- Records to process
====

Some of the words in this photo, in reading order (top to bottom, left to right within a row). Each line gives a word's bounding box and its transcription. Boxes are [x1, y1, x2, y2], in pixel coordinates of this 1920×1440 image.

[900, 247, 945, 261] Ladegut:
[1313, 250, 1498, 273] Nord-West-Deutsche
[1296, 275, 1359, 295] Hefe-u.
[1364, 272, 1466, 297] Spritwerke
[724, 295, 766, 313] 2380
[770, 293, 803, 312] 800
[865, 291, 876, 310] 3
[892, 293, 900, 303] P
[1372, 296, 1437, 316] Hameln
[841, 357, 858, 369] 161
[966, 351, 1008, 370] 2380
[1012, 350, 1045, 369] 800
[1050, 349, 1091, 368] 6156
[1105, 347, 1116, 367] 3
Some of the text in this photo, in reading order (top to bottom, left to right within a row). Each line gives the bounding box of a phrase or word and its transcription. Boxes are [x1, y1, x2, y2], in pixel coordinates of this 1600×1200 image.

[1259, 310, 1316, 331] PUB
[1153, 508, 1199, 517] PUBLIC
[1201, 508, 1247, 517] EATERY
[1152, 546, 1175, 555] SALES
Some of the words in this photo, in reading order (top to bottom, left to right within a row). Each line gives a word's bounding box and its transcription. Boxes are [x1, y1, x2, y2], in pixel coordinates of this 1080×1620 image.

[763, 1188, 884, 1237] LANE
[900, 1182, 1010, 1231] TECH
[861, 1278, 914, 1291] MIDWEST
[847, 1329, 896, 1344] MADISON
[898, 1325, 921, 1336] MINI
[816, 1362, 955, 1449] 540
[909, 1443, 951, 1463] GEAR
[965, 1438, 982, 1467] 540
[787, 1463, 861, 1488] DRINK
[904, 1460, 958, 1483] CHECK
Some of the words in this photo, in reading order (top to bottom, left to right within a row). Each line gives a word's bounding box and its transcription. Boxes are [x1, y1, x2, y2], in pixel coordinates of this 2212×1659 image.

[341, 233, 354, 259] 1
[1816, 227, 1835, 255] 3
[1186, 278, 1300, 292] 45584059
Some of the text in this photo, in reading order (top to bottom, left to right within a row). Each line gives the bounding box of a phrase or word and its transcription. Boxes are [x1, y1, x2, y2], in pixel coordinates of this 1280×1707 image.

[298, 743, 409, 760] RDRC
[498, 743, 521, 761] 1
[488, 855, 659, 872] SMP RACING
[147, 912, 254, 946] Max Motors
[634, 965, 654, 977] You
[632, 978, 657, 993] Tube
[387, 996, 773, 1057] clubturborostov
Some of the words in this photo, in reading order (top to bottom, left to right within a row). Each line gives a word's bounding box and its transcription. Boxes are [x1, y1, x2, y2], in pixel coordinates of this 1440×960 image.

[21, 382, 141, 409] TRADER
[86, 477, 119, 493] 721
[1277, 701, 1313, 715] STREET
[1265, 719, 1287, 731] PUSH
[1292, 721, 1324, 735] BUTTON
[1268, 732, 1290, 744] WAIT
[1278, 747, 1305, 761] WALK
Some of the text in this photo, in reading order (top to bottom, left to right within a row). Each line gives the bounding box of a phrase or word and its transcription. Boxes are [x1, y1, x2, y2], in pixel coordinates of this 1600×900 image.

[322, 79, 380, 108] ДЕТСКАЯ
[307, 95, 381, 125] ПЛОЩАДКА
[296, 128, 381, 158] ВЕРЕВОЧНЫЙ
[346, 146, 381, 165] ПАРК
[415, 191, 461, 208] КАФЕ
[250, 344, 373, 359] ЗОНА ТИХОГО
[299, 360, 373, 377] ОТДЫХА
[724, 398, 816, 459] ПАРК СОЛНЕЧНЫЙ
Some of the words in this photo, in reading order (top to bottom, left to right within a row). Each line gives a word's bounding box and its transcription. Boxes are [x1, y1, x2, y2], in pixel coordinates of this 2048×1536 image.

====

Return all the data above, unaltered and complete.

Some of the words in this photo, in reading order (top to bottom, left to right within a row). Each line gives a word's bounding box and its transcription. Boxes are [x1, y1, x2, y2], in pixel coordinates of this 1920×1440 image.

[900, 247, 945, 261] Ladegut:
[1313, 250, 1498, 273] Nord-West-Deutsche
[1296, 275, 1359, 295] Hefe-u.
[1364, 272, 1466, 297] Spritwerke
[724, 295, 766, 313] 2380
[770, 293, 803, 312] 800
[865, 291, 876, 310] 3
[892, 293, 900, 303] P
[1372, 296, 1437, 316] Hameln
[841, 357, 858, 369] 161
[966, 351, 1008, 370] 2380
[1012, 350, 1045, 369] 800
[1050, 349, 1091, 368] 6156
[1105, 347, 1116, 367] 3
Some of the text in this photo, in reading order (top to bottom, left to right within a row). Each line gives the bounding box of a phrase or word and its transcription. Boxes are [x1, y1, x2, y2], in pixel coordinates of this 1600×1200 image.

[1259, 310, 1316, 331] PUB
[1153, 508, 1199, 517] PUBLIC
[1201, 508, 1247, 517] EATERY
[1152, 546, 1175, 555] SALES
Some of the words in this photo, in reading order (top to bottom, left to right within a row). Each line gives a word's bounding box and its transcription. Boxes are [x1, y1, x2, y2], in pixel coordinates of this 1080×1620 image.

[763, 1188, 884, 1237] LANE
[900, 1182, 1010, 1231] TECH
[861, 1278, 914, 1291] MIDWEST
[847, 1329, 896, 1344] MADISON
[898, 1325, 921, 1336] MINI
[816, 1362, 955, 1449] 540
[909, 1443, 951, 1463] GEAR
[965, 1438, 982, 1467] 540
[787, 1463, 861, 1488] DRINK
[904, 1460, 958, 1483] CHECK
Some of the words in this photo, in reading order (top to bottom, left to right within a row). Each line gives a word's bounding box and its transcription. Boxes are [x1, y1, x2, y2], in pixel coordinates of this 2212×1659 image.

[341, 233, 354, 259] 1
[1816, 227, 1835, 255] 3
[1186, 278, 1300, 292] 45584059
Some of the text in this photo, in reading order (top to bottom, left to right within a row). Each line gives the bounding box of a phrase or word and its transcription. Boxes are [x1, y1, x2, y2], in pixel coordinates of this 1280×1707 image.

[298, 743, 409, 760] RDRC
[498, 743, 521, 761] 1
[488, 855, 659, 872] SMP RACING
[147, 912, 254, 946] Max Motors
[634, 965, 654, 977] You
[632, 978, 657, 993] Tube
[387, 996, 773, 1057] clubturborostov
Some of the words in this photo, in reading order (top to bottom, left to right within a row). Each line gives a word's bounding box and its transcription. Boxes are [x1, y1, x2, y2], in pixel coordinates of this 1440×960 image.

[21, 382, 141, 409] TRADER
[86, 477, 119, 493] 721
[1277, 701, 1313, 715] STREET
[1265, 719, 1287, 731] PUSH
[1292, 721, 1324, 735] BUTTON
[1268, 732, 1290, 744] WAIT
[1278, 747, 1305, 761] WALK
Some of the text in this photo, in reading order (top to bottom, left to right within a row). Each line gives the bounding box of a phrase or word and its transcription. Boxes are [x1, y1, x2, y2], in pixel coordinates of this 1600×900 image.

[322, 79, 380, 108] ДЕТСКАЯ
[307, 95, 381, 125] ПЛОЩАДКА
[296, 128, 381, 158] ВЕРЕВОЧНЫЙ
[346, 146, 381, 165] ПАРК
[415, 191, 461, 208] КАФЕ
[250, 344, 373, 359] ЗОНА ТИХОГО
[299, 360, 373, 377] ОТДЫХА
[724, 398, 816, 459] ПАРК СОЛНЕЧНЫЙ
Some of the words in this photo, in reading order (top to bottom, left to right within a row). Each line gives a word's bounding box and its transcription. Boxes are [x1, y1, x2, y2], in pixel coordinates of this 2048×1536 image.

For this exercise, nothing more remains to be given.